> Activity: Transcribe all of the data exactly. Omit the pictures.

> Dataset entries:
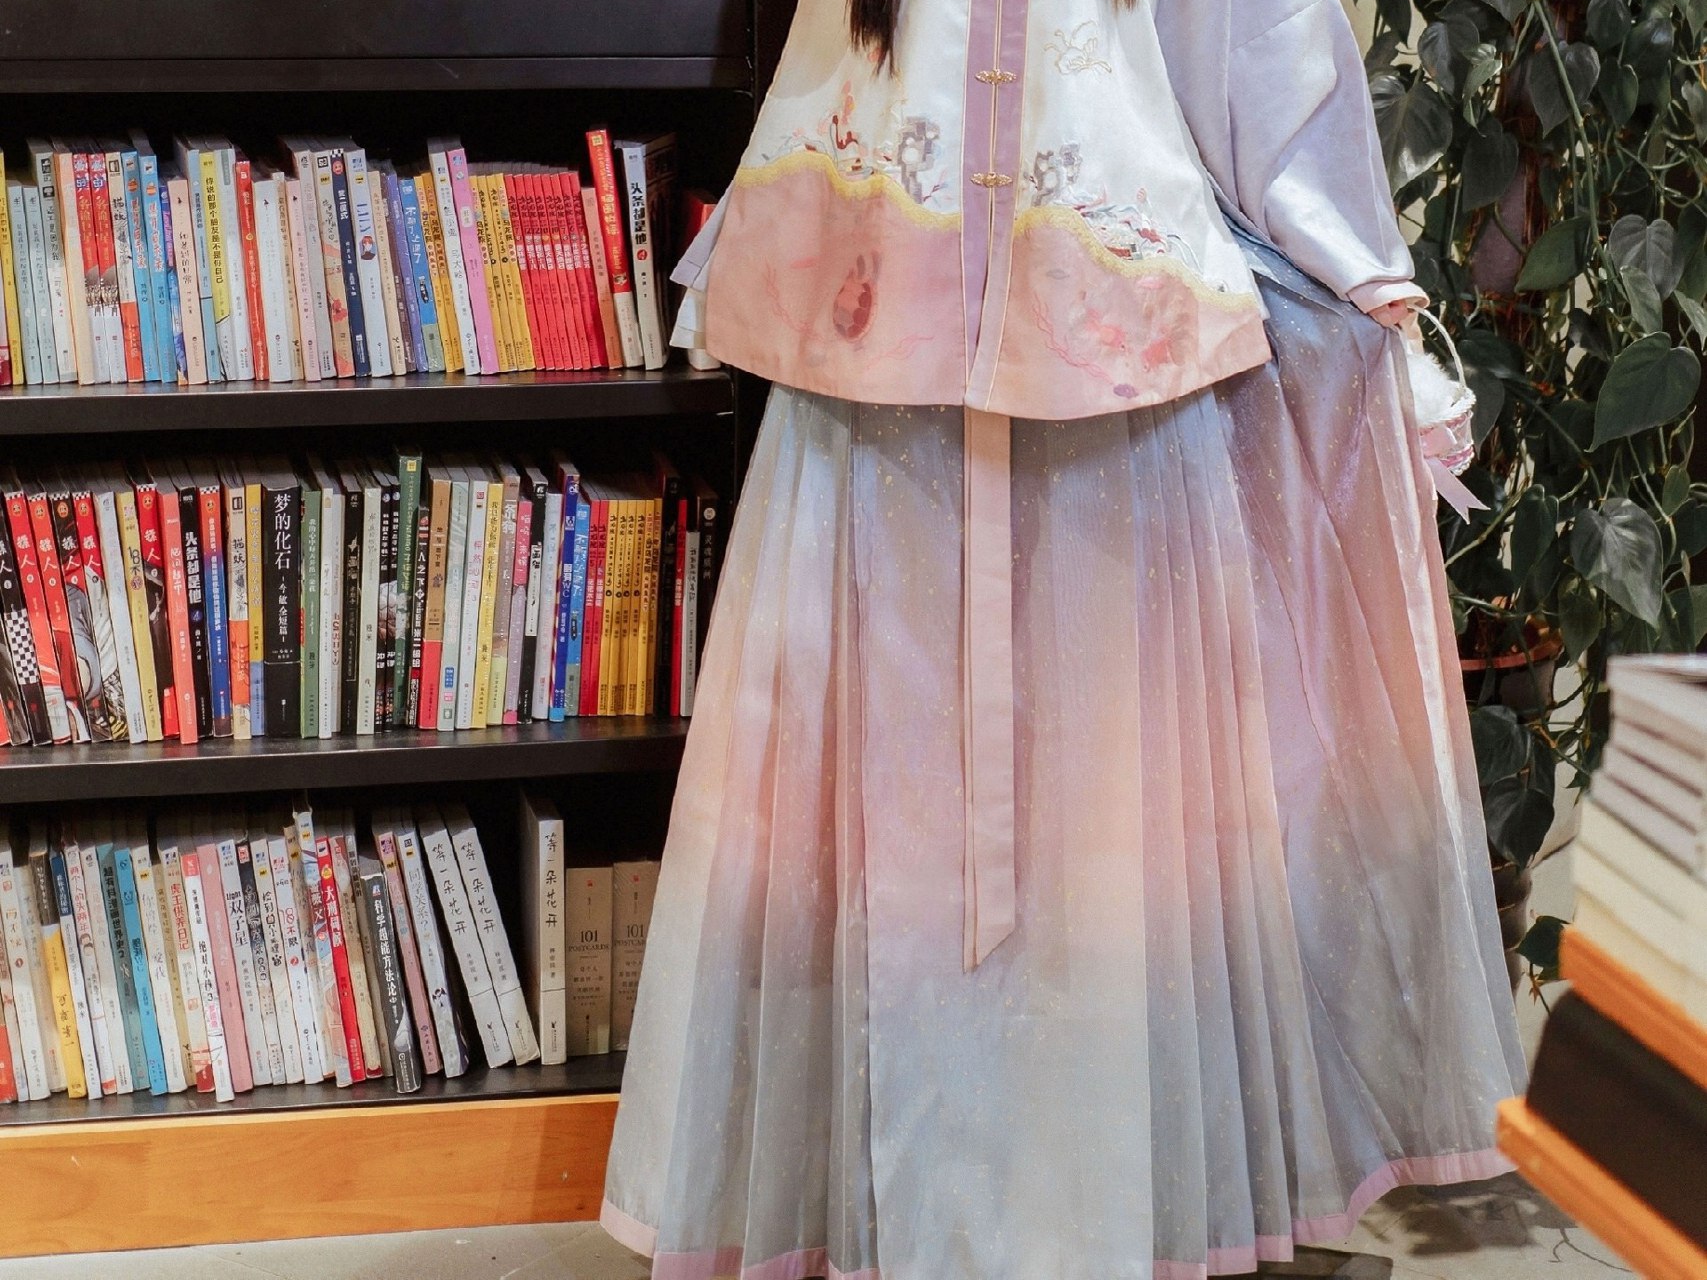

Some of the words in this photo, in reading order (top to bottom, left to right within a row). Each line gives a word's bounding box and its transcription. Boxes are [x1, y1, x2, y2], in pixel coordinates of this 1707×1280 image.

[186, 532, 202, 604] 头条都是他
[274, 493, 292, 570] 梦的化石
[432, 843, 467, 936] 等一朵花开
[461, 841, 496, 934] 等一朵花开
[545, 832, 558, 928] 等一朵花开
[229, 900, 249, 948] 双子星
[580, 930, 598, 943] 101
[626, 924, 644, 938] 101
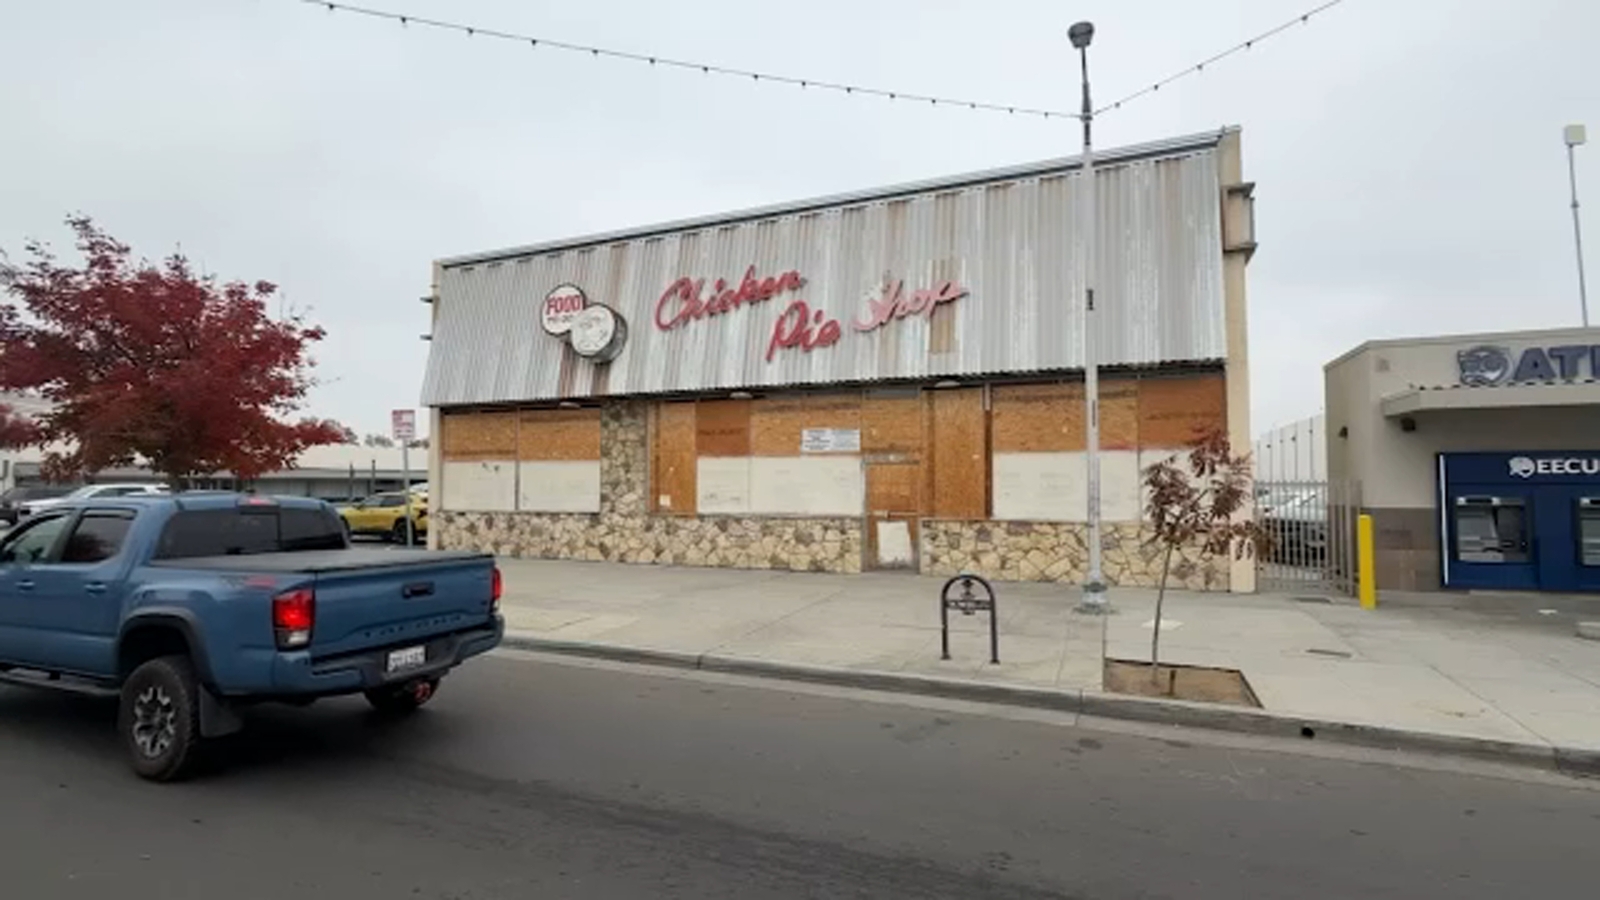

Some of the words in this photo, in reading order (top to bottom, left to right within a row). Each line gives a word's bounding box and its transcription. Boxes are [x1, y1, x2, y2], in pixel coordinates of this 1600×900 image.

[546, 294, 581, 315] FOOD
[655, 264, 807, 331] Chicken
[766, 300, 841, 361] Pie
[1513, 345, 1600, 381] AT
[1537, 459, 1599, 473] EECU
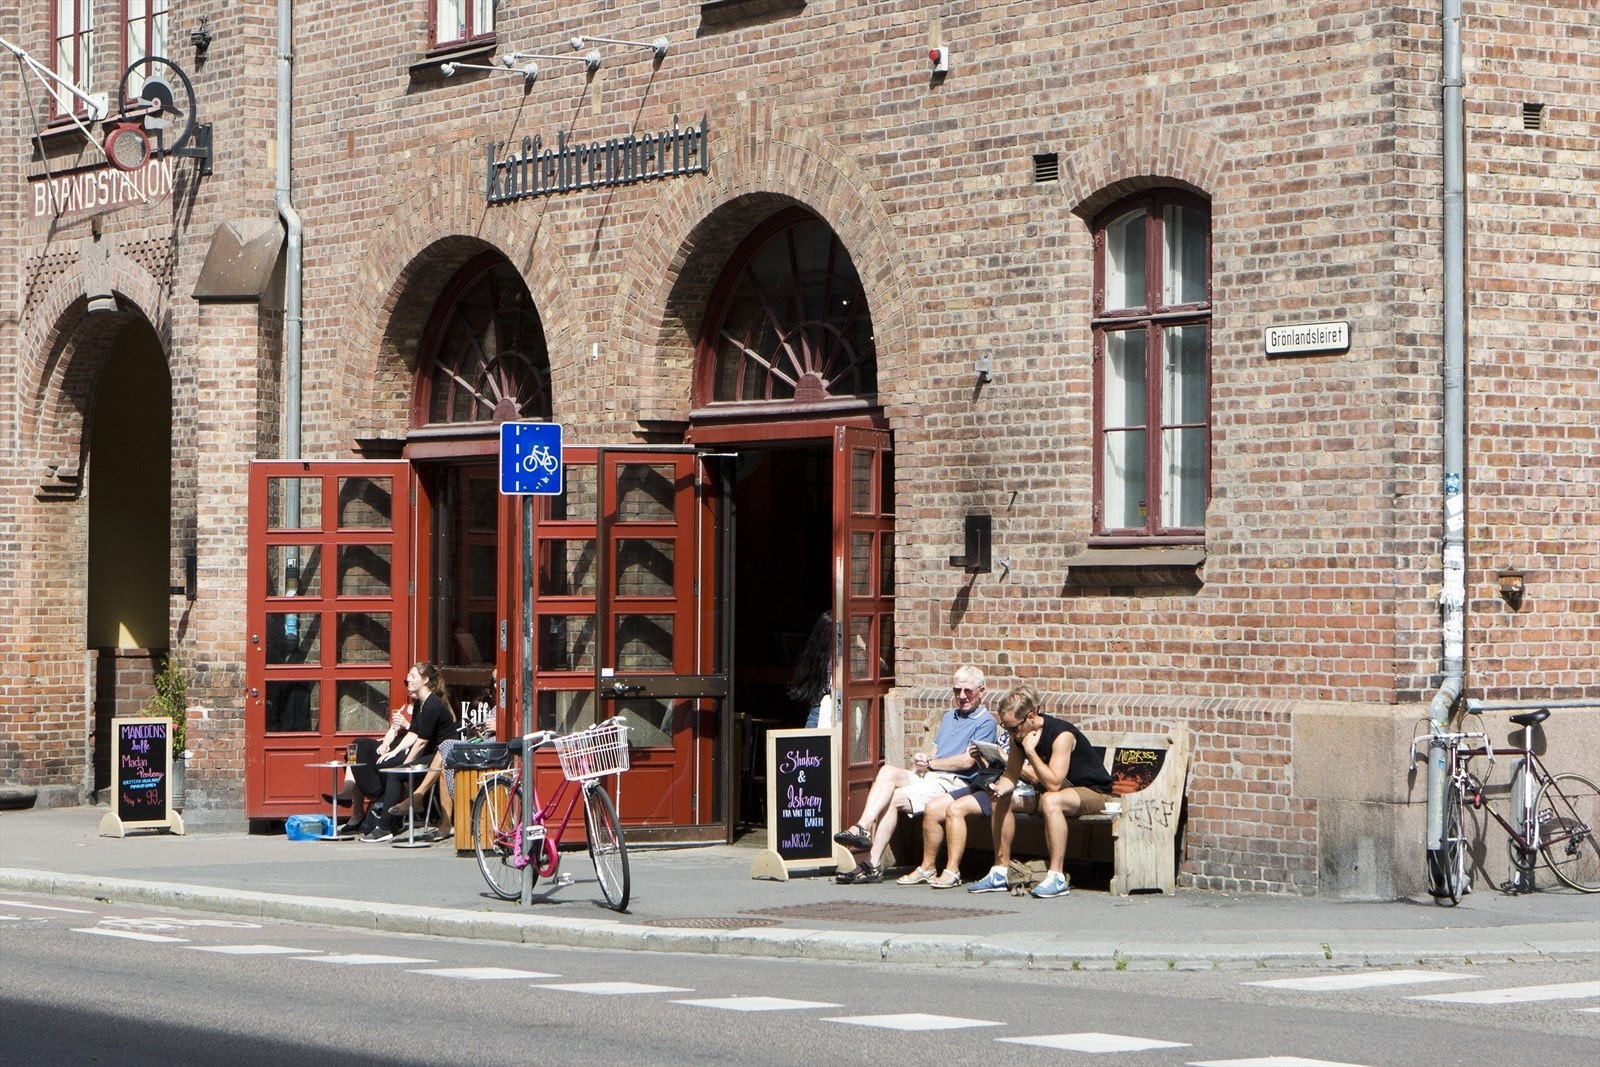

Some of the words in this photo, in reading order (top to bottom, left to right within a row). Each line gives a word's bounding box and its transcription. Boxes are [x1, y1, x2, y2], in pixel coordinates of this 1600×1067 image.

[1271, 327, 1342, 347] Grönlandsleiret
[461, 701, 491, 729] Kaff
[779, 749, 823, 773] Shakes
[797, 770, 806, 783] &

> Task solution:
Some of the words in this photo, in reading order (top to bottom, left to right within a row). Each line gives a word's bounding box and its transcription. Boxes are [x1, y1, x2, y2], in pixel coordinates of this 1707×1280 image.

[186, 532, 202, 604] 头条都是他
[274, 493, 292, 570] 梦的化石
[432, 843, 467, 936] 等一朵花开
[461, 841, 496, 934] 等一朵花开
[545, 832, 558, 928] 等一朵花开
[229, 900, 249, 948] 双子星
[580, 930, 598, 943] 101
[626, 924, 644, 938] 101

Some of the words in this photo, in reading order (top to bottom, left to right within a row). Each line gives a word's bounding box and its transcription. Boxes are [x1, y1, x2, y2], in pixel coordinates of this 1600×900 image.

[546, 294, 581, 315] FOOD
[655, 264, 807, 331] Chicken
[766, 300, 841, 361] Pie
[1513, 345, 1600, 381] AT
[1537, 459, 1599, 473] EECU

Some of the words in this photo, in reading order (top to bottom, left to right within a row). Each line gives a word's bounding box and its transcription. Boxes are [x1, y1, x2, y2], in pixel coordinates of this 1600×1067 image.

[1271, 327, 1342, 347] Grönlandsleiret
[461, 701, 491, 729] Kaff
[779, 749, 823, 773] Shakes
[797, 770, 806, 783] &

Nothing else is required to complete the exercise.